The tree structure of the library is the following:

eztorch/eztorch
├── callbacks
├── configs
├── datamodules
├── datasets
├── evaluation
├── losses
├── models
├── optimizers
├── schedulers
├── transforms
├── utils
└── visualization

Callbacks

The callbacks/ folder contains callbacks to feed the trainer based on Pytorch-Lightning.

Datamodules

The datamodules/ folder contains datamodules for various image and video datasets.

Datasets

The datasets/ folder contains datasets tools for various image and video datasets.

Among these tools, there are:

  • Datasets for videos, for example datasets/hmdb51.py.

  • Wrapper around datasets, for example datasets/dict_dataset.py.
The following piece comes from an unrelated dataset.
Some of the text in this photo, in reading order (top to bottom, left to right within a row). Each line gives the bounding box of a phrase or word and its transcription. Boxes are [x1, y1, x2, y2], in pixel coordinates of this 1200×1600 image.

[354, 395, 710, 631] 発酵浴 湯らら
  • Other tools such as clip samplers for video clip generation in datasets/clip_samplers/.

Evaluation

The evaluation/ folder contains the tools for evaluation networks. For now, there are:

  • Linear classifier evaluation for SSL protocol.

  • Testing time augmentations functions to average predictions of several augmentations.

Losses

The losses/ folder contains individual component losses.

Models

The models/ folder contains models and tools to configure the various models supported by Eztorch for images and videos.

It follows the following structure:

eztorch/eztorch/models
├── heads
├── modules
├── siamese
└── trunks

Heads

The heads/ folder contains various heads for your models.

Heads are the part of your models that should specialize to a task:

  • Linear heads for classification task.

  • MLP heads for self-supervised learning projections and predictions.

Modules

The modules/ folder contains layers or modules for your models that accomplish a specific action.

It could be gathering tensors, or splitting batch normalization layers in parts, …

Siamese

The siamese/ folder contains siamese models for self-supervised learning.

Currently implemented methods are:

  • MoCo (v1, v2, v3)

  • ReSSL

  • SCE

  • SimCLR

Trunks

The trunks/ folder contains the trunks, backbone, or encoders, used in Eztorch for Image and Video modalities.

Timm and Pytorchvideo models are also available.

Optimizers

The optimizers/ folder contains the custom optimizers (such as LARS) but also factories to easily instantiate them.

Schedulers

The schedulers/ folder contains the custom schedulers (such as Cosine Annealing) but also factories to easily instantiate them.

Transforms

The transforms/ folder contains all custom transforms defined by Eztorch for images and videos.

Transforms from Torchvision or Kornia are also available. The latter permits GPU transforms.

Utils

The utils/ folder contains all utils functions to help Eztorch functionalities and allow various training tricks.

Visualization

The visualization/ contains tools to visualize data.